I know I'm only a small water bird, and although I have an intimate knowledge of the biology of sand eels I can't pretend to understand much else.

However, I was listening to Radio 4 recently, and they said that the Government are concerned about the Child Support Agency. I always knew that eggs were a better bet ... but to get to the point ... they were talking about tagging parents who don't pay for their children. The Child Support Agency, that is, not Radio 4, who are much too busy.

This seems to me to be a really good idea.
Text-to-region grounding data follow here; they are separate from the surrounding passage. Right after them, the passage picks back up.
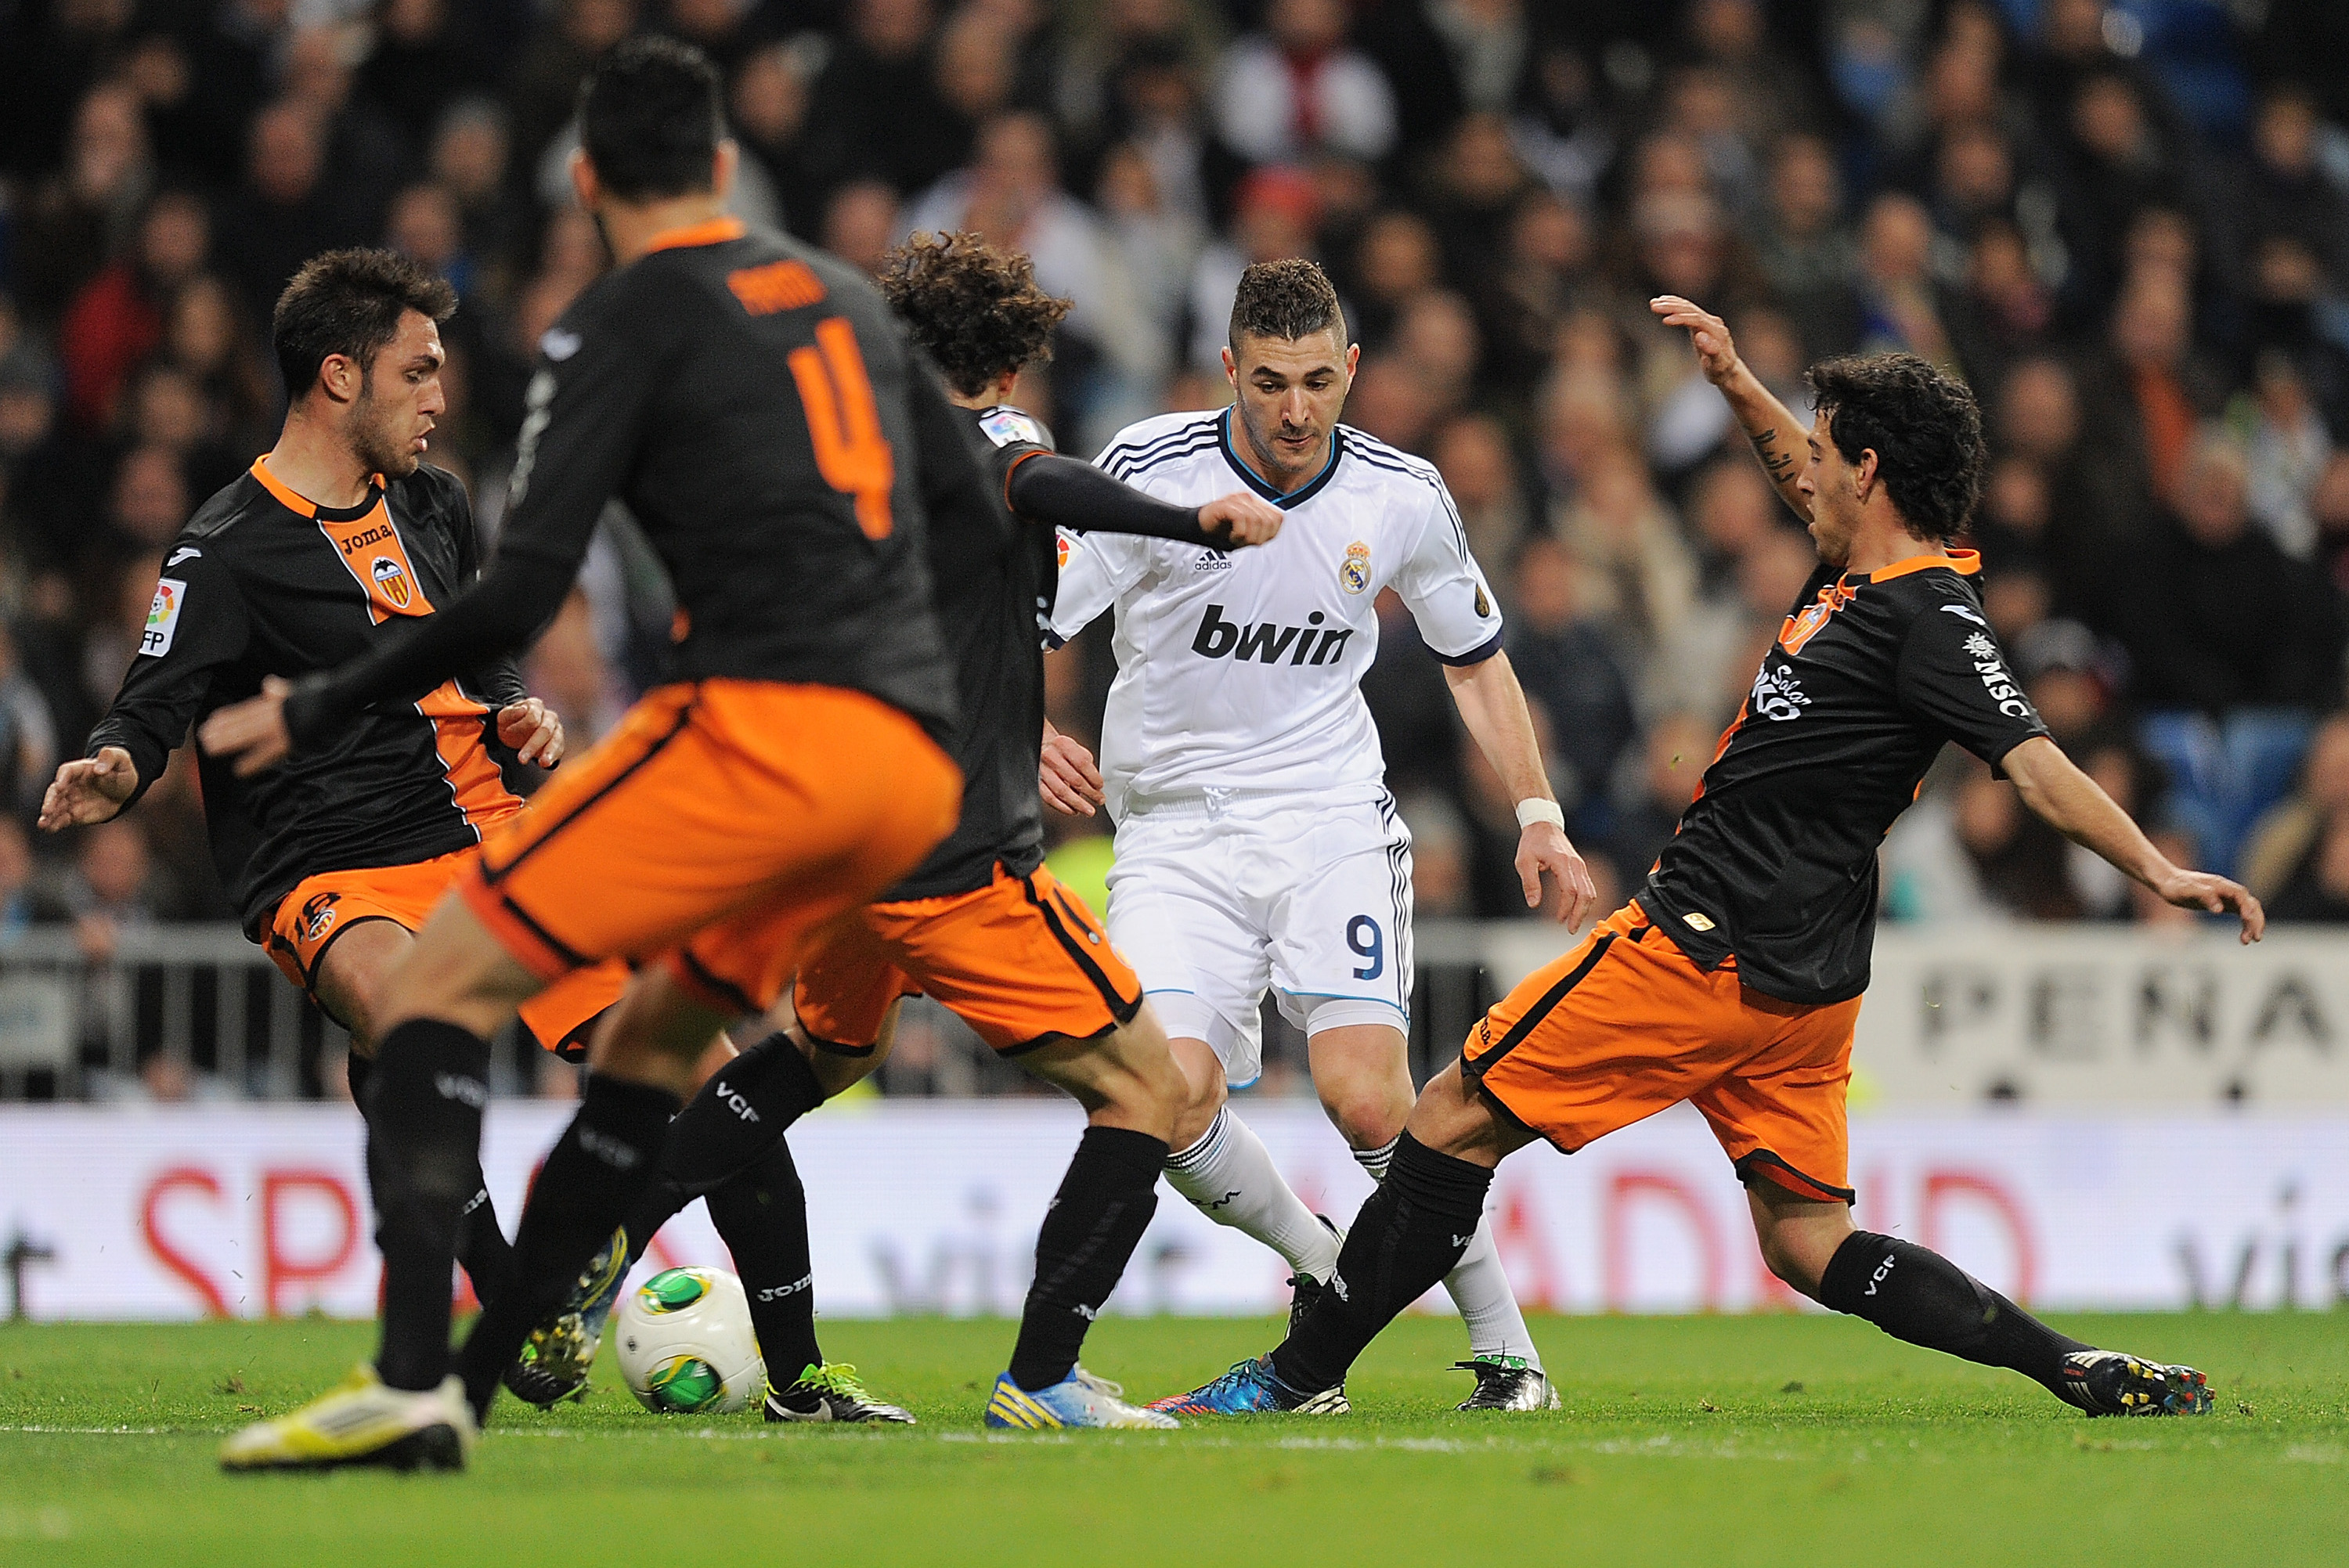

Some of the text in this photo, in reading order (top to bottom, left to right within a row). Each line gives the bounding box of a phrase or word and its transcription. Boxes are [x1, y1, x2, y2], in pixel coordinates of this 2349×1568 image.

[787, 316, 894, 540] 4
[1195, 559, 1232, 571] adidas
[1191, 604, 1354, 666] bwin
[1770, 665, 1812, 705] Solar
[1973, 660, 2030, 717] MSC
[1346, 914, 1383, 981] 9
[716, 1081, 760, 1123] VCF
[1864, 1254, 1896, 1296] VCF
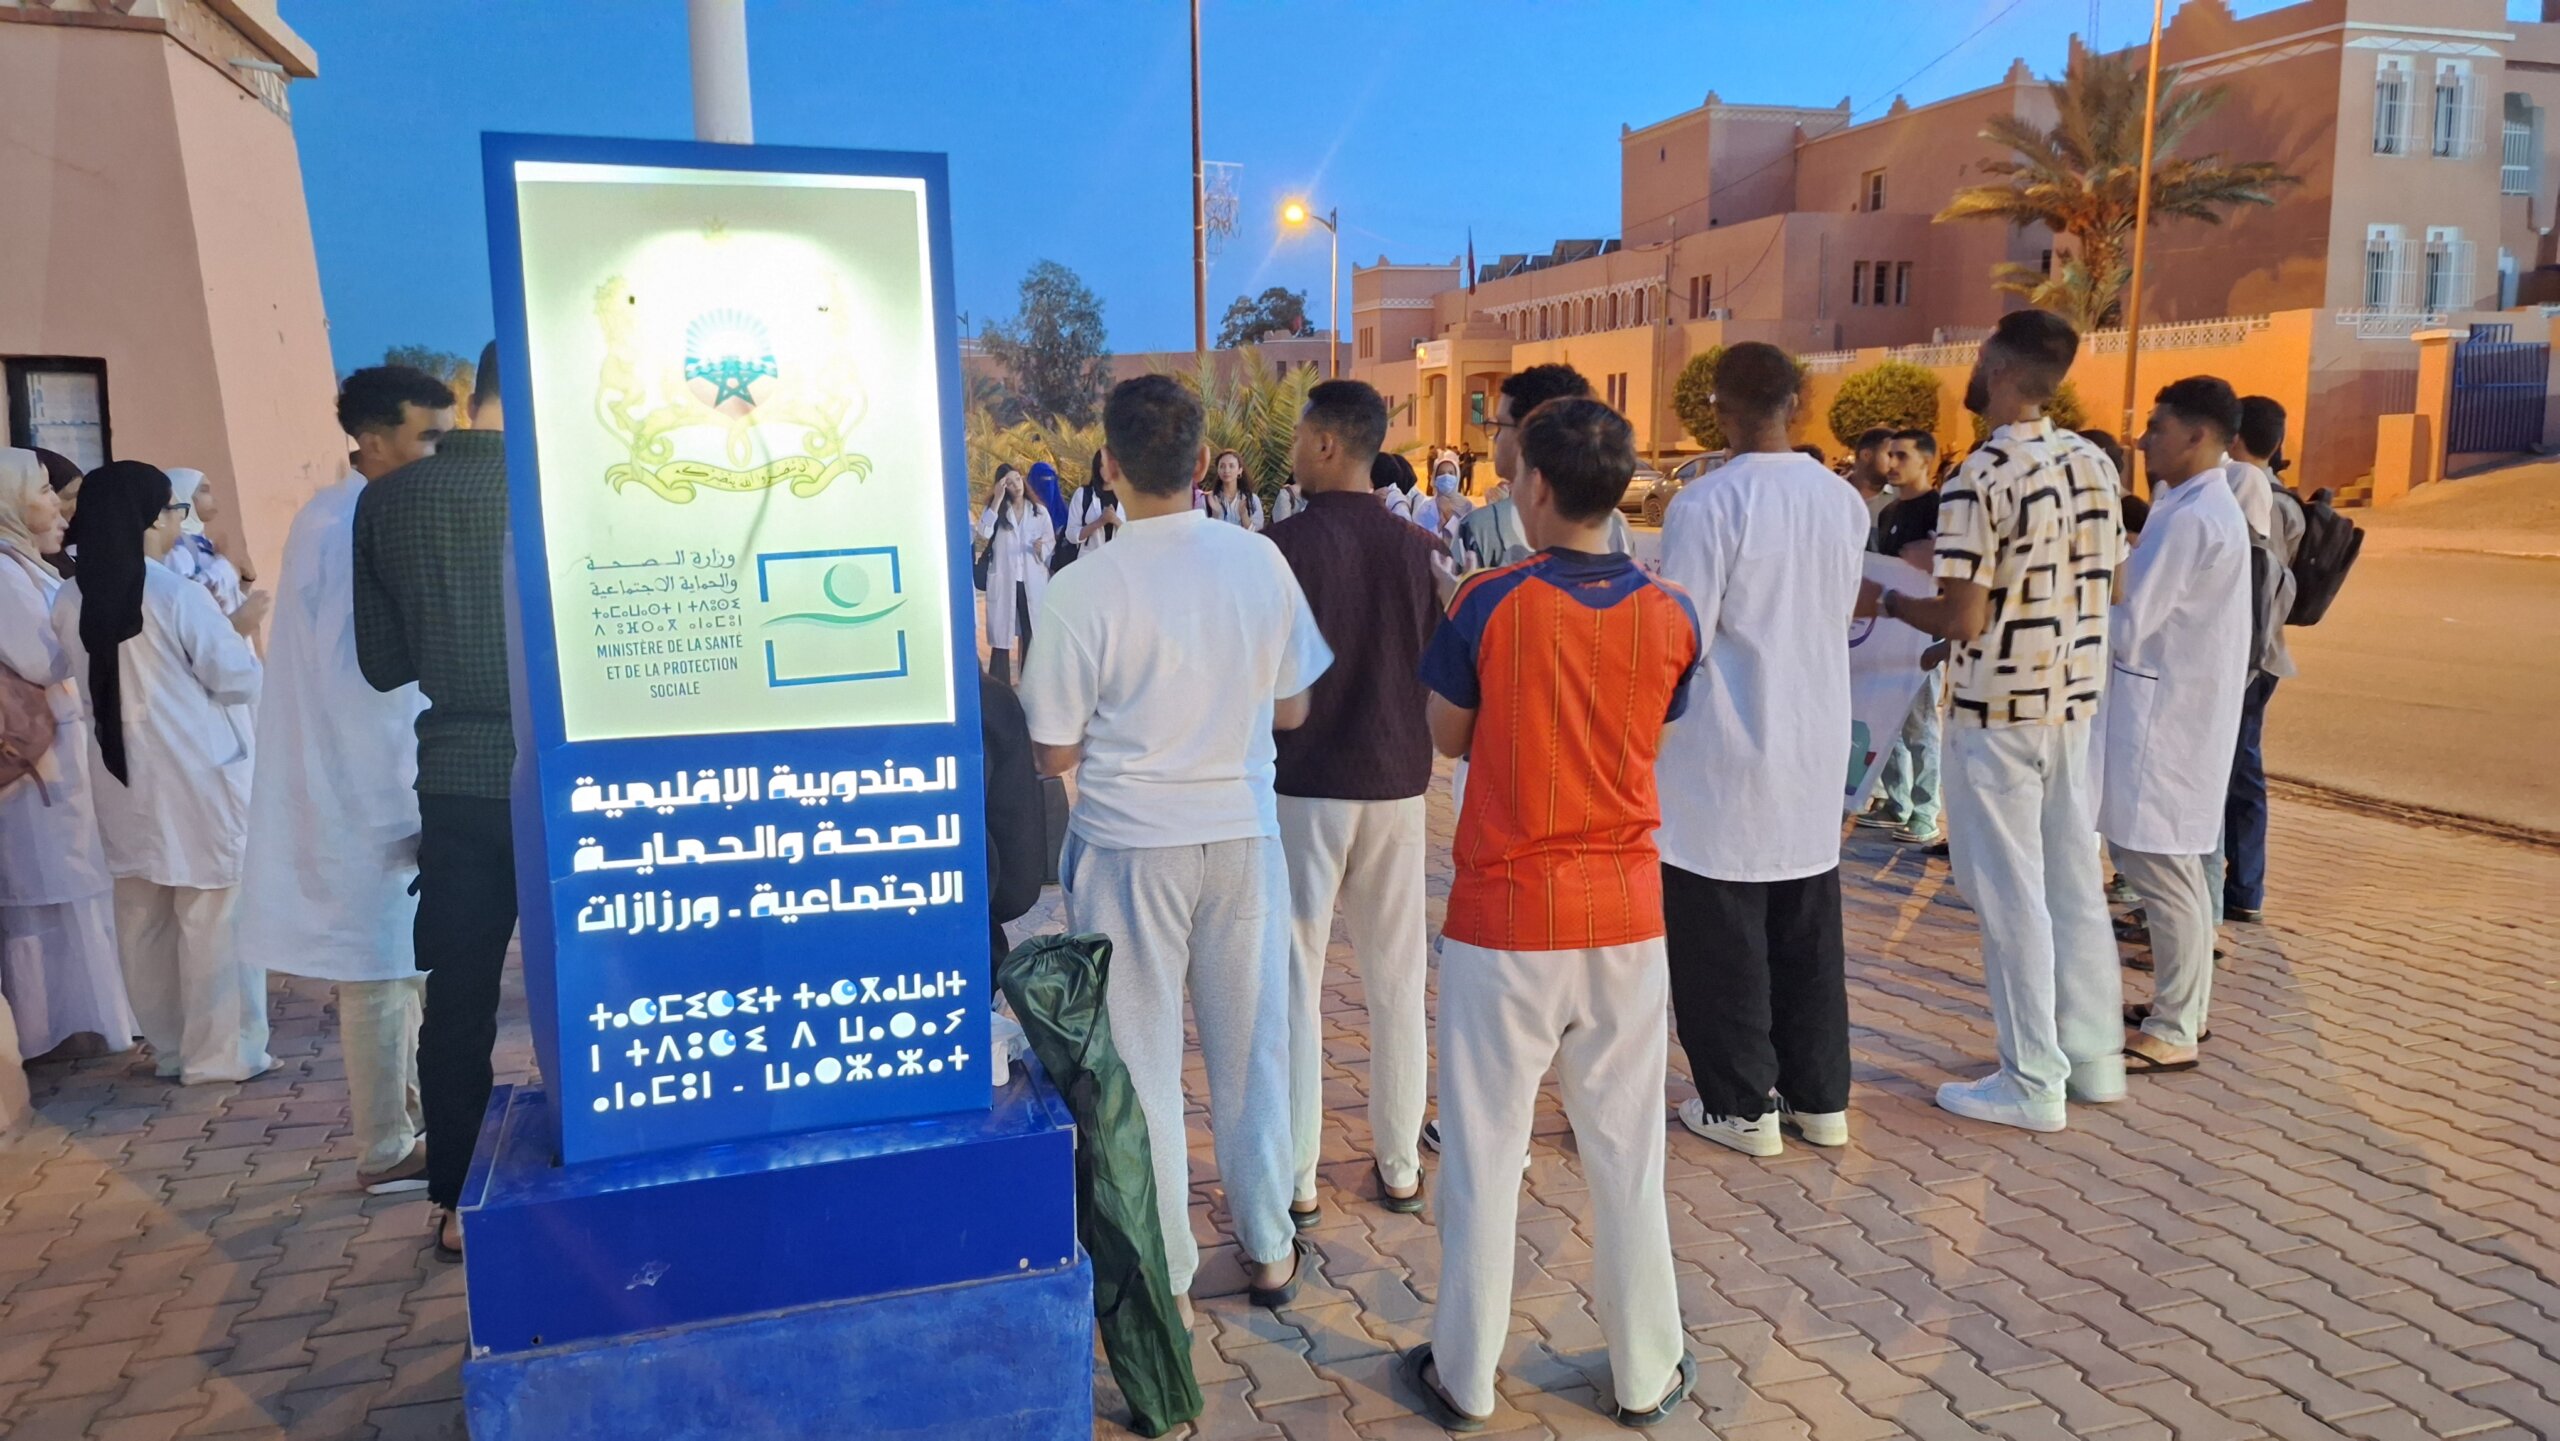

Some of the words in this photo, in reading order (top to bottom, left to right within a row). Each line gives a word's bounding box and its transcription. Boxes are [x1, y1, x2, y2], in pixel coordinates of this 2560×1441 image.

[690, 547, 736, 570] وزارة
[589, 576, 675, 600] الاجتماعية
[680, 572, 738, 595] والحماية
[596, 638, 665, 659] MINISTÈRE
[667, 638, 684, 654] DE
[687, 637, 702, 653] LA
[704, 632, 744, 651] SANTÉ
[606, 665, 622, 681] ET
[624, 664, 642, 679] DE
[644, 662, 661, 678] LA
[663, 656, 739, 676] PROTECTION
[649, 681, 701, 699] SOCIALE
[571, 766, 760, 819] الإقليمية
[768, 756, 957, 807] المندوبية
[813, 813, 961, 856] للصحة
[749, 871, 965, 925] الاجتماعية
[577, 890, 721, 936] ورزازات
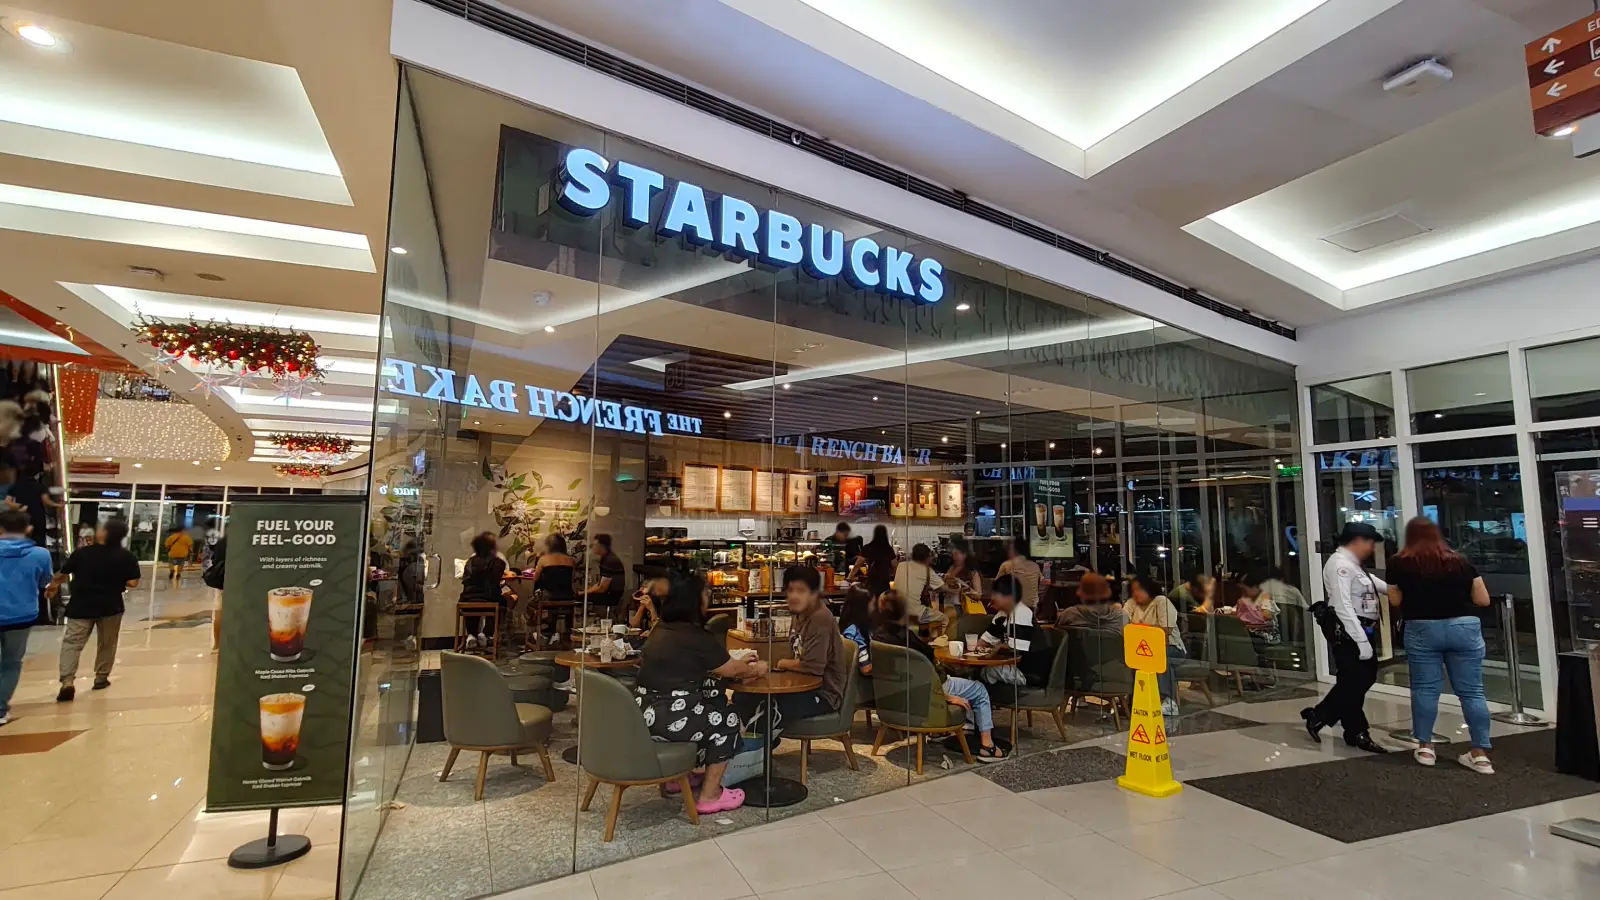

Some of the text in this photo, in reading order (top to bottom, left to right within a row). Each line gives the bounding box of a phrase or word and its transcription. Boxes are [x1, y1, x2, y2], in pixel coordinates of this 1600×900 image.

They could get a satellite navigation system to view them all, which would be very entertaining for the staff at the CSA. And they could track these wily, mendacious, abdicating parents as they spend everything on drink and drugs (not one penny of their ill-gotten gains went to their starving families. The swine.) And then, by observing the habitual haunts of these characters, they could work out where to buy the best skunk etc (strong cannabis, that is, not the black and white smelly mammal). Which would be a really useful thing to do!

What I don't understand, though, is how anybody thinks that this will make these people give any more money to the people they're supposed to be giving money to. Can someone explain?

Love P xxx

Monday, 2 January 2006



Here are some of the dogs who came to Christmas dinner. If you look carefully, you might be able to spot the single solitary poodle.

P xxx

Musings from Puflet Palace

Musings from Puflet Palace

Well, the dogs that Mervyn mentioned will be arriving soon. There were actually only four of them, but in a confined space this always seems a lot more. You know the kind of thing ... 'Mummy, is five a lot?' 'Well it is if you're talking about elephants in your living room'...
The space was even more confined because there were so many people for Christmas dinner - 19 in all - including most of the immediate family plus spouses and offspring. Though any mealtime when we were all living at home seemed like the feeding of the 5,000. Maybe that's why we had sardines on toast so often.

And then, a couple of days ago, we went to see 'The Producers'. Now, I haven't seen the original version of this masterpiece, but the central premise, that a couple of producers make a movie that is an intentional flop in order to pocket the sponsorship money, seemed to be mirrored in some respects by the movie itself. And I don't mean their wonderful 'Springtime for Hitler'! It was Mel Brooks' first film (apparently it was due to Peter Sellers, who loved it, that critics took a serious look at it). One of the producers starts off as an accountant, and a choreographed scene in which the accounting machines are a crucial part of the rhythm section features in the early part of the film. Later, the little old ladies (of whom there were hundreds) with their zimmer frames provide a charming routine. The pigeons in their loft make their contribution, too. All of which seems to me to be just as unlikely material for a Broadway Hit as the goose-stepping dancing Hitlers.

And after all, it was a Broadway Hit about an ostensible Broadway Flop - and sends up showbiz as much as it sends up the Third Reich!